Limiting how rebate can be spent

As mentioned in the original post, we want to avoid people using the rebate to essentially pay themselves by purchasing valueless or pointless NFTs to add to their land. This would be possible if the protocol allowed any ERC-721 to be purchased.

Some ideas:

  • Limit to specific marketplaces (OpenSea, Rarible)
  • Use appraisal services (Upshot) to place a ceiling on the amount of rebate that can be used
  • Approve graded NFTs (FungyProof)
  • Have an approved list of assets and/or marketplaces

Rebates as a custom ERC-20

This could be an opportunity for our own community currency. Call it GEO for now.

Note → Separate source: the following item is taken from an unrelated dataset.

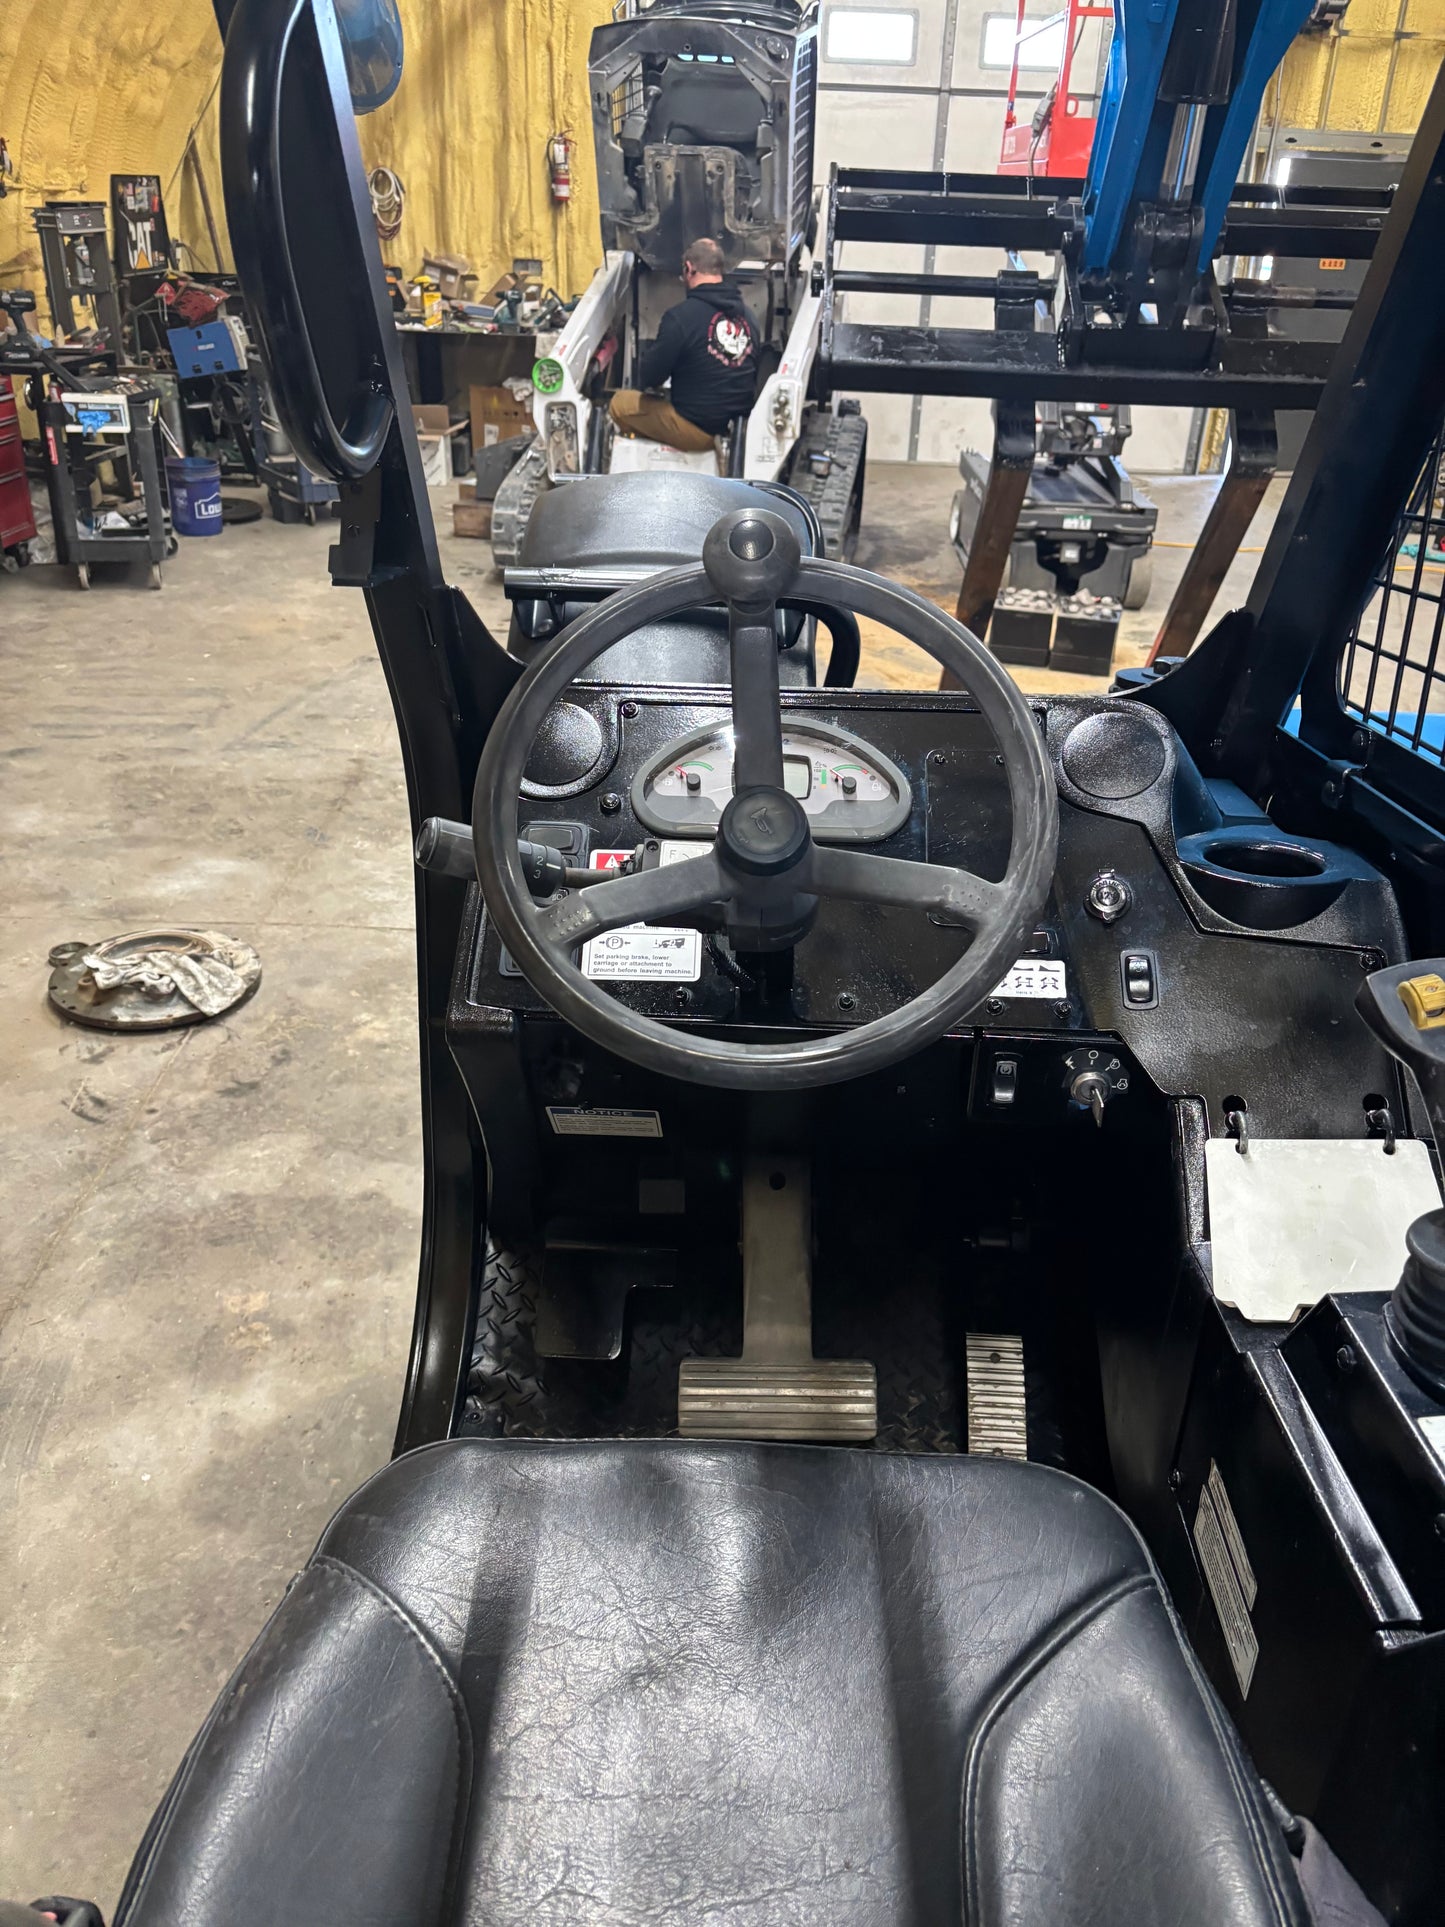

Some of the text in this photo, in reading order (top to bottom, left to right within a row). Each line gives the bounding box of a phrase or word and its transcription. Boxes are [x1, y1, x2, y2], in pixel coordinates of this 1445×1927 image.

GEO could be a semi-fungible ERC-1155 token. The token types could be:

  • 1 → Freely transferable GEO
  • 2 → “Rebate” GEO that can only be used to purchase NFTs
  • ... → Rebate GEO for other purposes

Tokens 2+ could follow a generalized design that allows for future rebate programs to be created. Each new rebate program gets a new token ID + custom transfer logic. Land owners are minted rebate tokens based on their network contributions.

GEO could be a community currency that is soft-pegged to ETH and backed entirely by the treasury. GEO can be redeemed for ETH at any time, or used to purchase goods and services in the Geo Web. It can be inflationary to encourage people to spend their rebate and not hold. See Chorus for info on community currencies and inflation.